Top of Recorded data

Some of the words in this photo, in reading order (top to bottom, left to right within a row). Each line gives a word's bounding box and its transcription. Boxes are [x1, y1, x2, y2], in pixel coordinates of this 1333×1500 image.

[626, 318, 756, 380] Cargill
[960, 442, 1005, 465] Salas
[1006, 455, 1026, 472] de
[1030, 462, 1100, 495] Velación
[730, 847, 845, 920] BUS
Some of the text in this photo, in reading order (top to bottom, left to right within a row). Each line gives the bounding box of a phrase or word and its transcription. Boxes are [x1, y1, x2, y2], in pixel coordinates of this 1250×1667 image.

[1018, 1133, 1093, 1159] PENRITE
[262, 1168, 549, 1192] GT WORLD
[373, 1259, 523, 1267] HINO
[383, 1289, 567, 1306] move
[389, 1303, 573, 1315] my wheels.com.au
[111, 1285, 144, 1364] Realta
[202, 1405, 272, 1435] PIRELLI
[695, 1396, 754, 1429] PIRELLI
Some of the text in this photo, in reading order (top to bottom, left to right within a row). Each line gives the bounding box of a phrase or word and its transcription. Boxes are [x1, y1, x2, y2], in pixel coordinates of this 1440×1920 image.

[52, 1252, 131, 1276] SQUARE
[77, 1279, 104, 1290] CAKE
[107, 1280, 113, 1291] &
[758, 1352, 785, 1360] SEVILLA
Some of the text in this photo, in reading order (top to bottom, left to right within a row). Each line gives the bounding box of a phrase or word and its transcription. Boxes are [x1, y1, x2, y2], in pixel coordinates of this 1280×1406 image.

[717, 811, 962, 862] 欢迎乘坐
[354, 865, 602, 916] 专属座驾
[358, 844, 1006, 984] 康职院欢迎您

Bottom of Recorded data

- _Exercise objective_:
Only the final stretch of the entries above is needed: print exactly the lines from the line containing "this 1280×1406 image." through the last one.

- _Response for this exercise_:
Some of the text in this photo, in reading order (top to bottom, left to right within a row). Each line gives the bounding box of a phrase or word and its transcription. Boxes are [x1, y1, x2, y2], in pixel coordinates of this 1280×1406 image.

[717, 811, 962, 862] 欢迎乘坐
[354, 865, 602, 916] 专属座驾
[358, 844, 1006, 984] 康职院欢迎您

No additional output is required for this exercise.